Transfer Pricing in Canada: The Transfer Pricing PenaltiesBy Robert Robillard - 18 January 2019
Transfer Pricing in Canada: The Transfer Pricing Penalties
Since 1997, Canada’s transfer pricing rules have been included in section 247 of the Canadian Income Tax Act (ITA). They are complemented by sections 233.1 ITA, 233.3 ITA, 233.4 ITA, and 233.8 ITA, as applicable.
The Canadian transfer pricing rules are managed by the Canada Revenue Agency (CRA). In the province of Quebec, the Agence du revenu du Quebec also does transfer pricing compliance audit.
Section 233.1 ITA prescribes the filing of an information return containing the prescribed information (Form T106) for non-arm’s length transactions with non-residents when the total amount of the controlled transactions exceeds $1,000,000.
Subsection 233.8(3) ITA prescribes the filing of the country-by-country report containing the prescribed information (form RC4649) where the total amount of the consolidated group revenues is equal or above 750 million Euros.
Specific penalties apply for failure to comply with these reporting requirements. Other penalties prescribed in the Canadian Income Tax Act may apply in specific situations.
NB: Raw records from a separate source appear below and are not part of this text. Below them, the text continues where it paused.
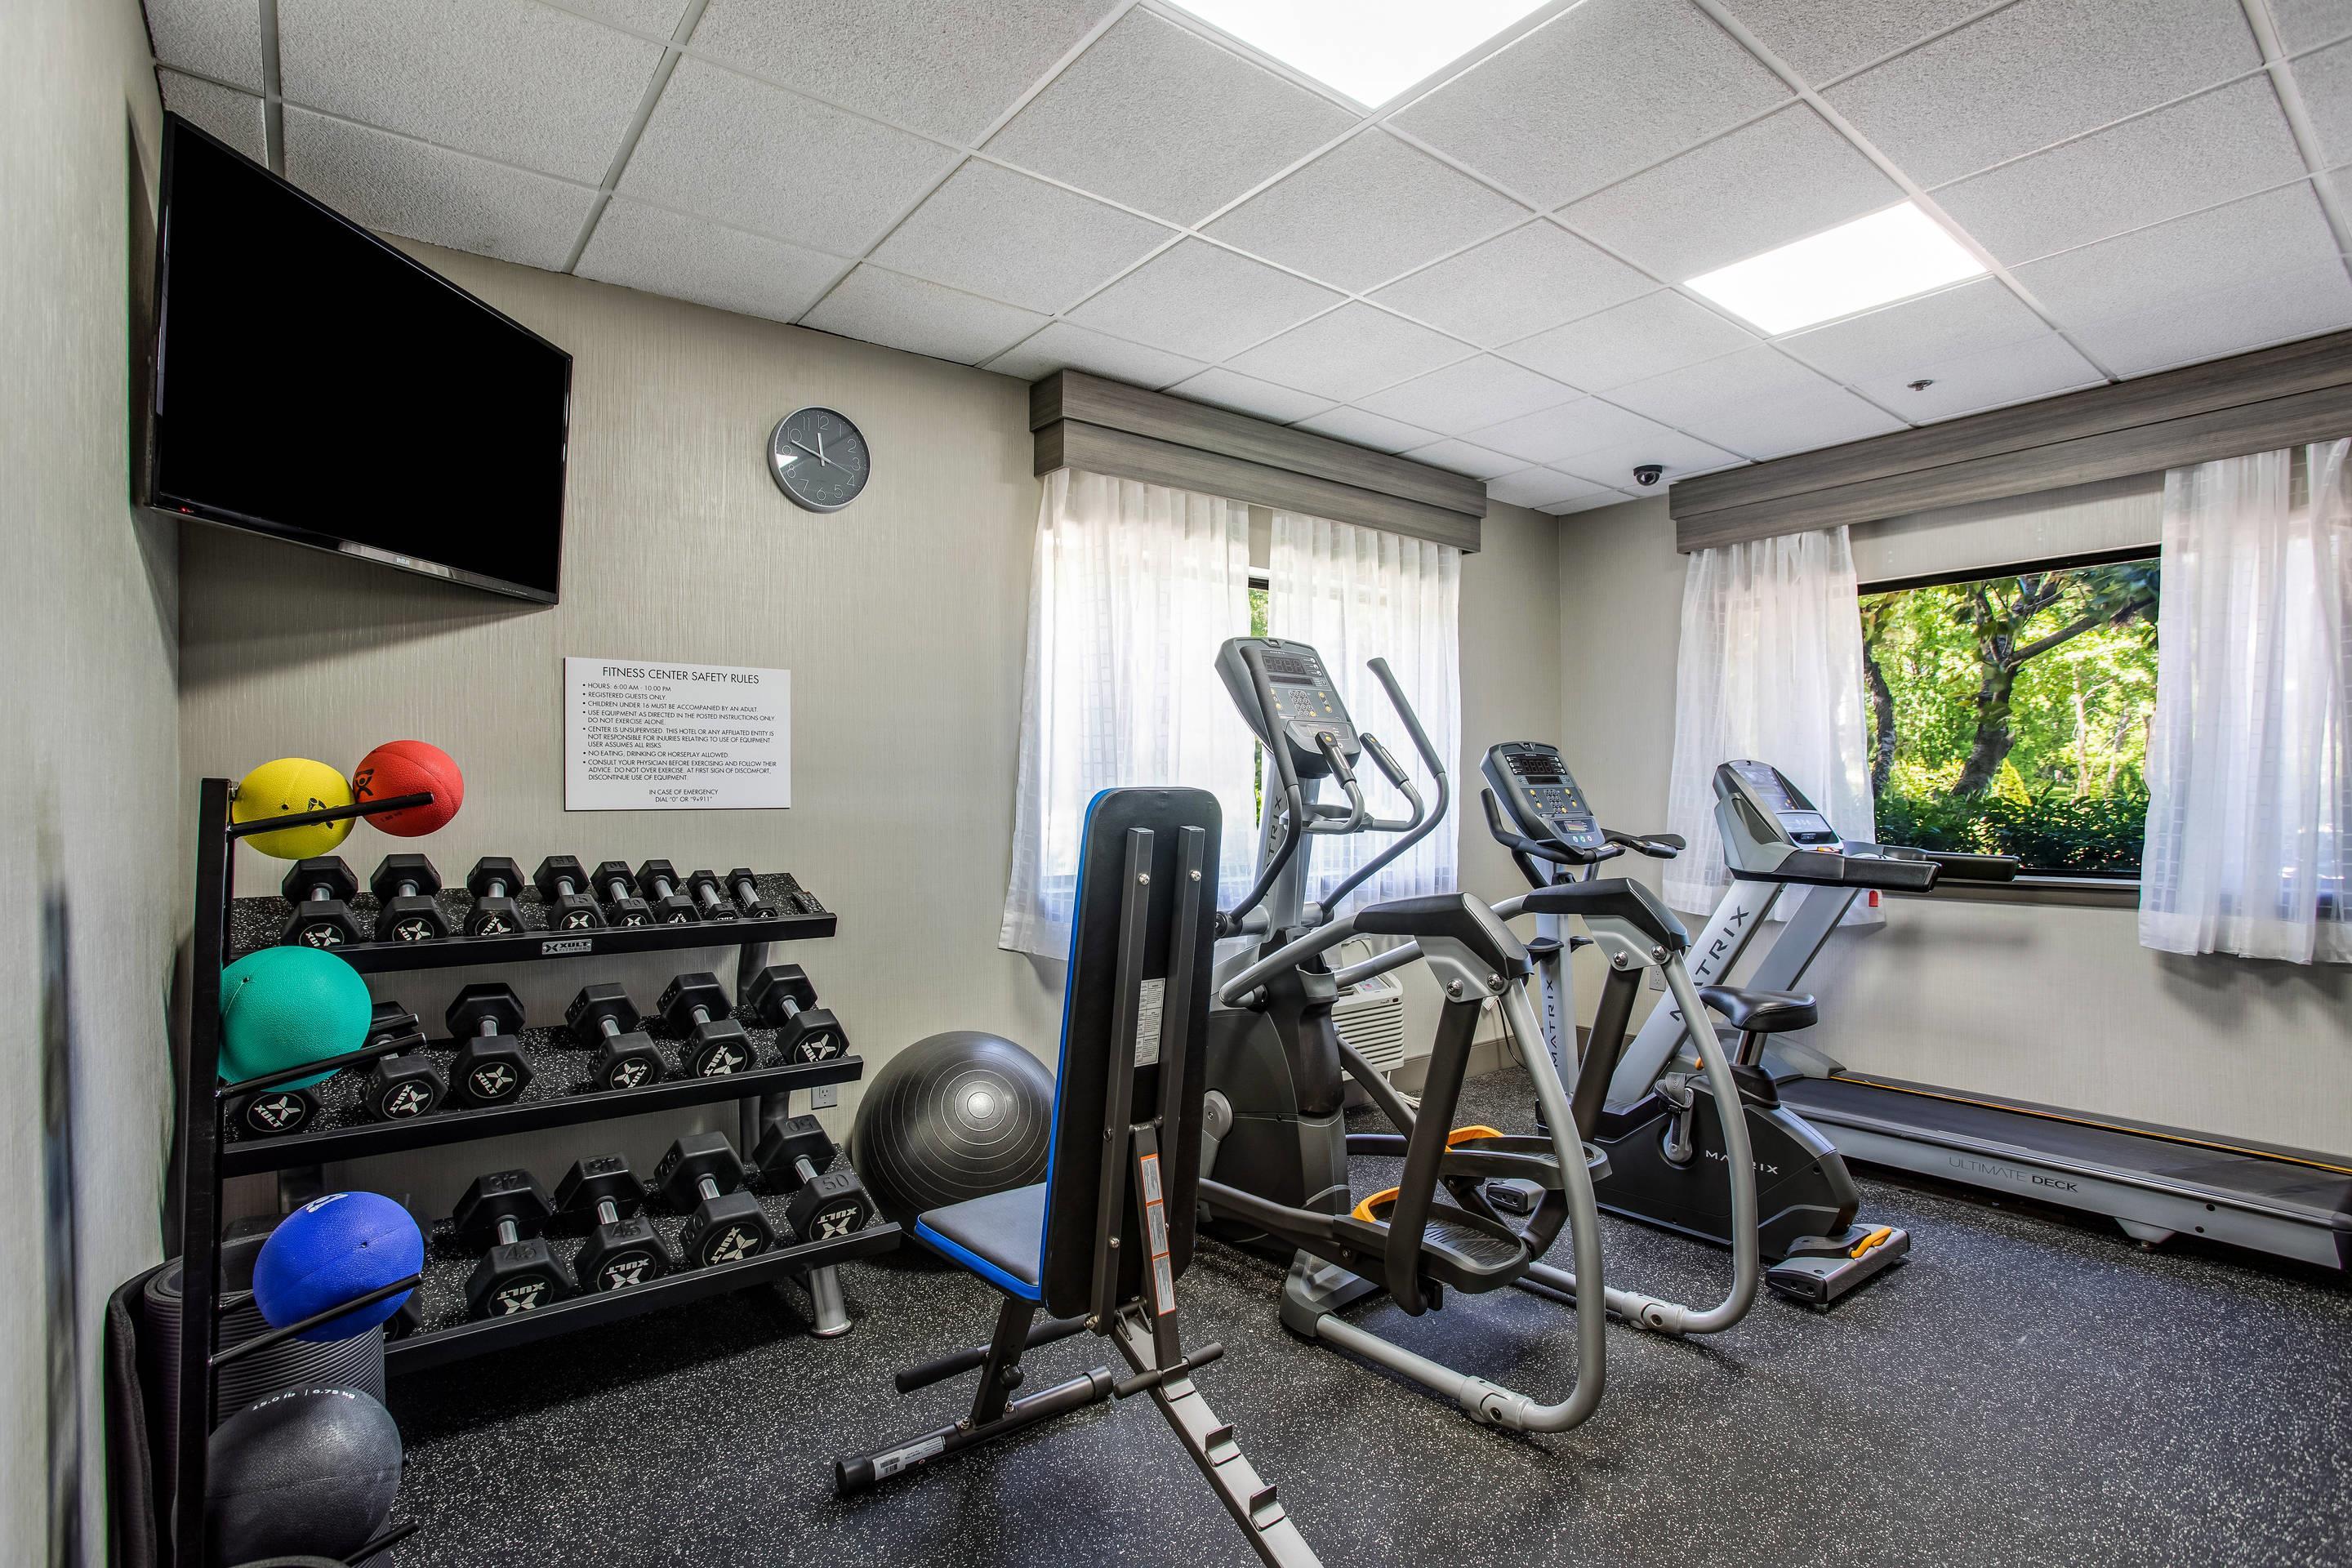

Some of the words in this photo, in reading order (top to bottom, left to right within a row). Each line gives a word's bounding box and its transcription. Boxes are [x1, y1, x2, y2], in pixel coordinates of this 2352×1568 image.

[802, 416, 810, 431] 11
[817, 414, 829, 430] 12
[787, 427, 802, 443] 10
[848, 439, 856, 453] 2
[787, 464, 796, 478] 8
[851, 457, 860, 471] 3
[800, 479, 809, 493] 7
[846, 474, 856, 487] 4
[817, 487, 826, 500] 6
[834, 485, 843, 498] 5
[603, 667, 645, 678] FITNESS
[648, 669, 688, 680] CENTER
[692, 672, 727, 682] SAFETY
[731, 674, 759, 684] RULES
[1266, 796, 1282, 869] TRIX
[1670, 906, 1749, 1021] TRIX
[1547, 980, 1558, 1067] MATRIX
[801, 1042, 819, 1062] XUL
[704, 1045, 728, 1077] XULT
[475, 1072, 497, 1094] XULT
[627, 1064, 647, 1088] XULT
[390, 1084, 413, 1113] XULT
[255, 1104, 283, 1127] XULT
[1706, 1150, 1777, 1174] MAIX
[823, 1174, 849, 1190] 50
[1949, 1156, 2026, 1182] ULTIMATE
[2032, 1175, 2078, 1192] DECK
[817, 1207, 858, 1224] XULT
[710, 1226, 741, 1264] XULT
[606, 1258, 650, 1275] XULT
[497, 1282, 545, 1300] XULT
Following the production of the contemporaneous documentation by the taxpayer as per subsection 247(4) ITA and subsequent transfer pricing adjustments as per subsection 247(2) ITA (when applicable), subsection 247(3) ITA prescribes the liability to a transfer pricing penalty when there is a lack of reasonable efforts in the determination of any arm’s length price.
T106 reporting penalties
The Canadian Income Tax Act prescribes numerous penalties for failure to comply with the reporting obligations of non-arm’s length transactions with non-residents as highlighted in the T106 form’s instructions.
Penalties may result from late filing, failure to file and filing which contains false information or omission.
In case of late filing (filing after the due date), subsection 162(7) ITA applies. One penalty for late filing may be assessed by the CRA for each T106 form, as applicable. The penalty is equal to $25 per day of failure to file up to a maximum of 100 days (i.e., a maximum of $2,500). A minimum penalty of $100 does apply in case of late filing for each T106 form, as applicable.
In case of failure to file, subsection 162(10) ITA applies. One penalty for failure to file may be assessed the CRA for each T106 form, as applicable. This penalty is assessed where a “reporting person or partnership knowingly, or under circumstances amounting to gross negligence, fails to file or fails to comply with a request by the Canada Revenue Agency (CRA) for T106 documentation.”
In the first case, the minimum penalty is $500. The penalty for failure to file is applicable for up to 24 months of failure to file a T106 form that is, $12,000 for each failure to comply. The penalty that may arise from the application of subsection 162(7) ITA [late filing] is subtracted from that amount, as applicable.
With regard to subsection 162(10) ITA, the T106 form’s instruction adds: “where the CRA has served a demand to file T106 documentation [as per section 233 ITA], the minimum penalty is $1,000 per month, to a maximum of $24,000 for each failure to comply.” The penalty that may arise from the application of subsection 162(7) ITA [late filing] is also subtracted from that amount, as applicable.
A third penalty related to the reporting obligation concerns the filing of a false statement or omission in a T106 form. One penalty for false statement or omission may be assessed by the CRA for each T106 form as applicable under subsection 163(2.4) ITA. In that case, the penalty is $24,000 for each T106 form, as applicable.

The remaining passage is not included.